For tourists visiting the Ranthambore Fort, it is advisable to keep enough time on hand. It is partly because of the reason that there is no pathway approaching the fort which means that visitors need to climb up the stairs of the hill to reach it (around 20 minutes walk). Also, the fort has so much to offer in terms of attractions that time will fly out without even giving a slightest of clue of its passage. The other plus point of the fort is that its location in midst of the wildlife sanctuary ensures that there is neither any entry fee nor any over anxious guide to trouble the visitors.

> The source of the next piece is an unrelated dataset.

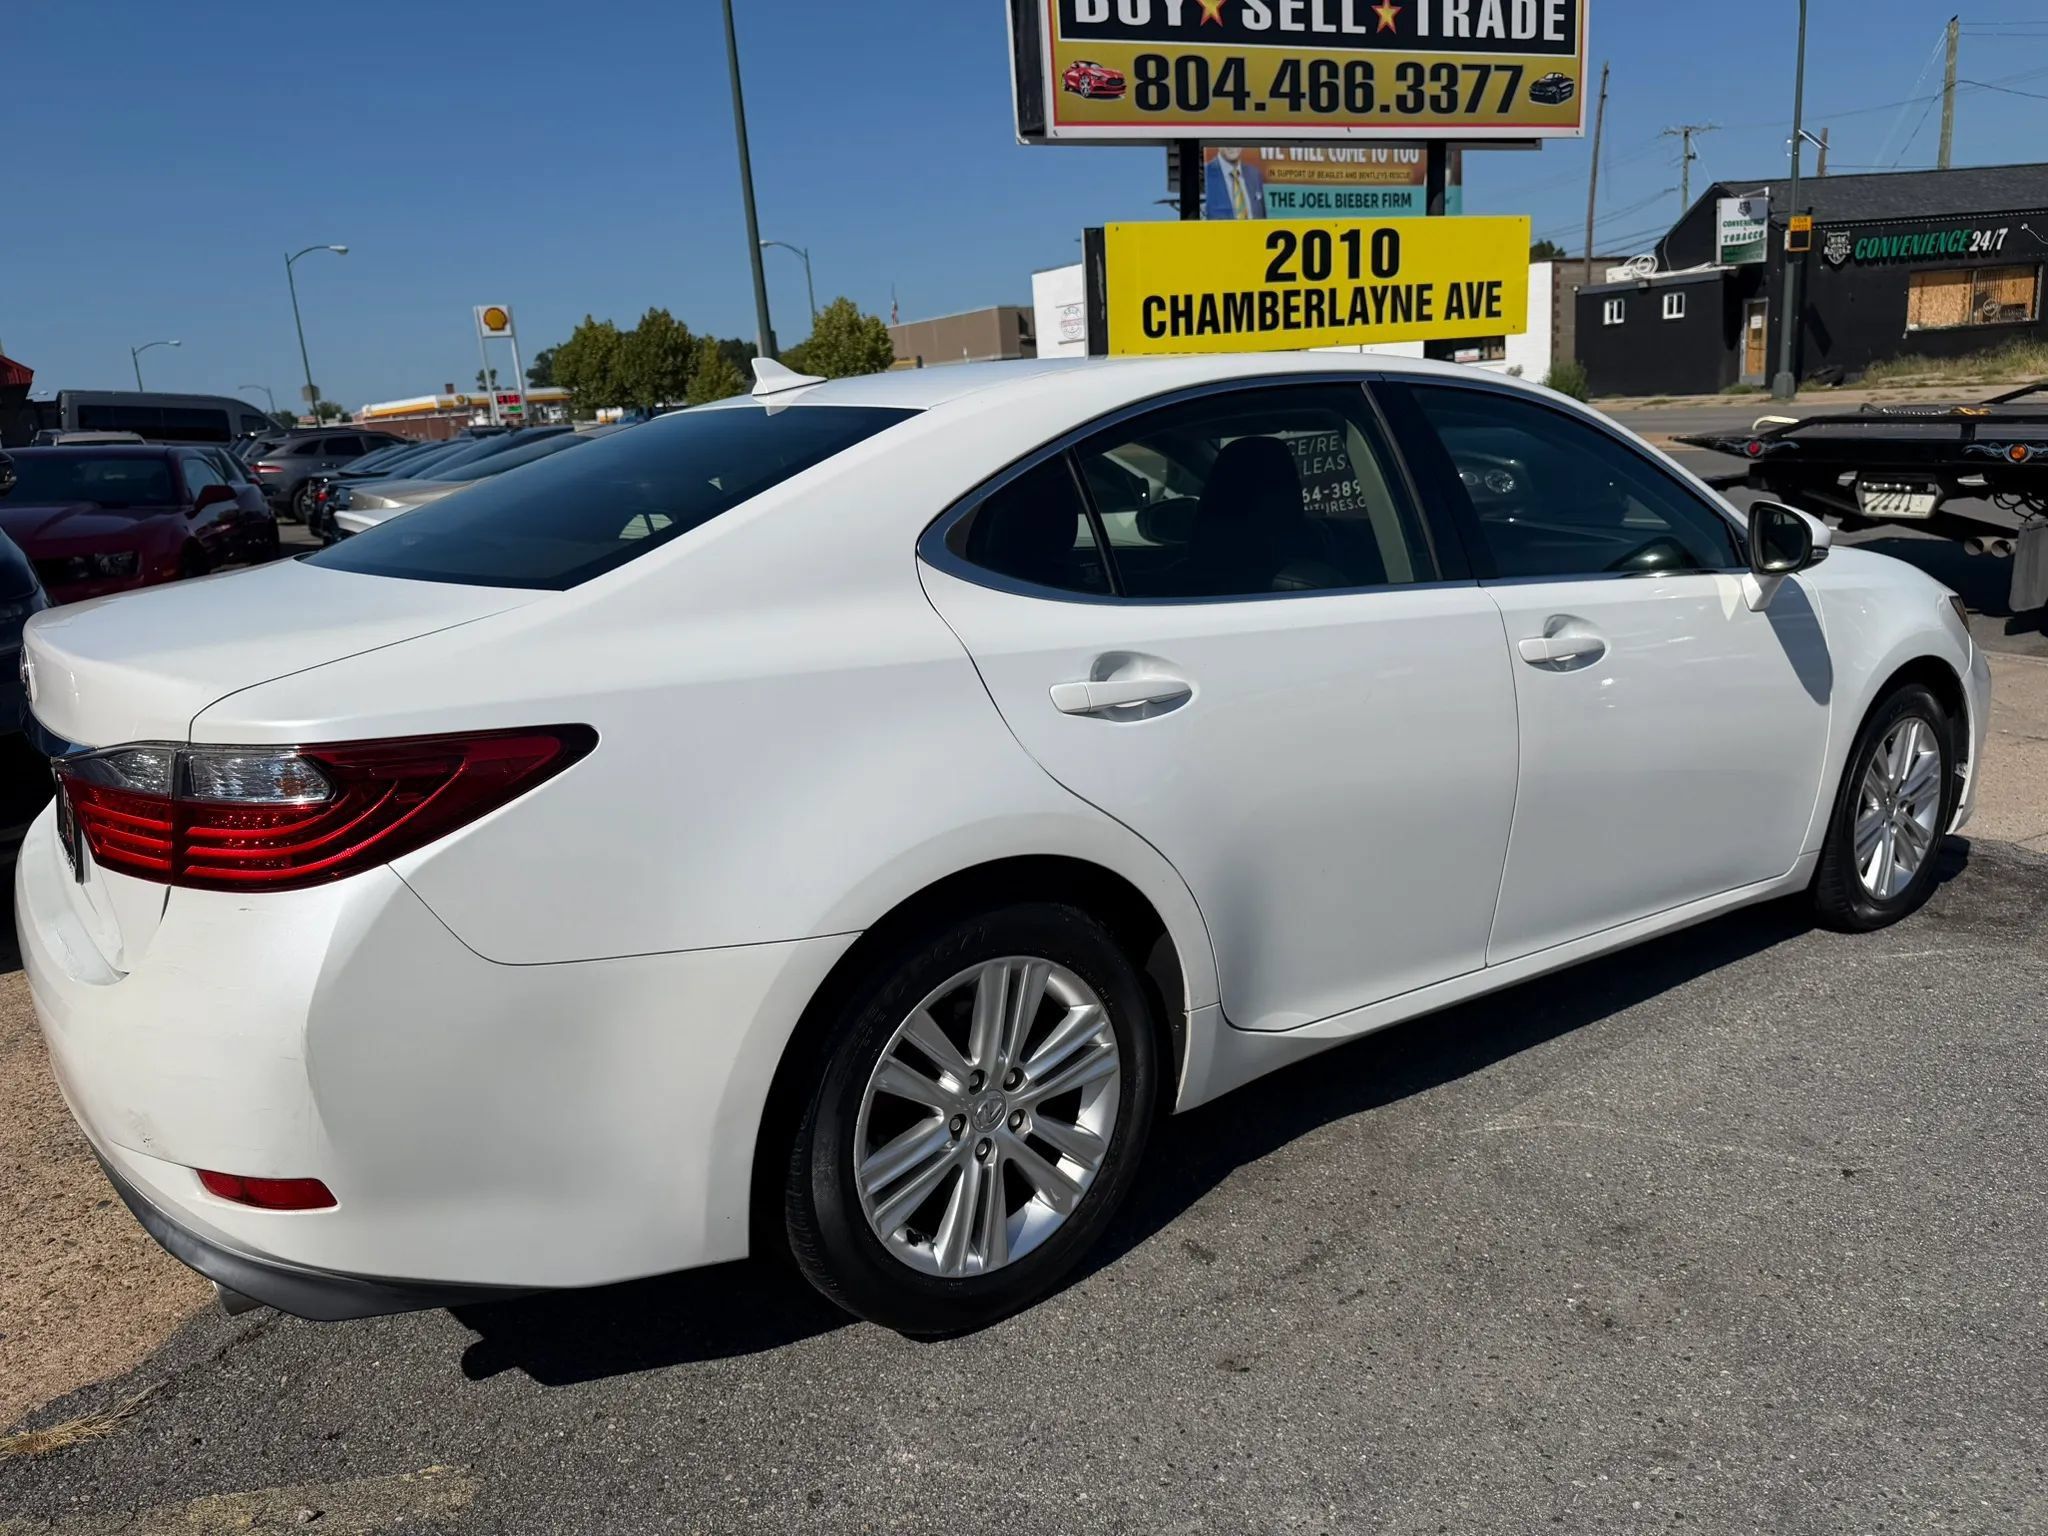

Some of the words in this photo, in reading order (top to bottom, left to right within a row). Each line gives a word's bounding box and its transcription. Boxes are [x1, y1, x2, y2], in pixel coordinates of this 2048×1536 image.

The attractions of Ranthambore Fort caters to the varying interests of the tourists. For those who love history, the fort has unending stories to narrate while for people with religious bent of mind, there are numerous big and small temples. Lastly, those visitors who are interested in neither of the above attraction, there is the breathtaking view of the Ranthambore National Park. Animals rambling lazily to drink water from the lake below arouse an entirely different kind of feeling in the visitors.
Inside the Fort
One of the oldest forts in India, the Ranthambore Fort
spreads over an area of 7 kms in circumference. Inside, a group of
buildings like palaces, temples, mosques and barracks enthuse the
The Hammir court is the prime attraction of the Ranthambore Fort. It boasts of an outstanding acoustics where even lightest of sound bit gets echoed in a marvellous way. The Ganesh Temple is not to be missed by the religious people. An interesting aspect about the temple relates that devotees write letters to Lord Ganesha and send it to this temple. These letters are delivered daily by the local postman.
The Gupt Ganga, a series of steps carved out of rock, leads visitors to a stream that continues to flow throughout the year. However, a bit of precaution needs to be taken before stepping down these stairs. First, some source of light has to be carried by the visitors and secondly, they need to be very careful while going down as the steps end almost suddenly.
Other attractions inside the Ranthambore Fort include Toran Dwar, Mahadeo Chhatri, Sameton Ki Haveli, 32 pillared Chhatri, and a Mosque.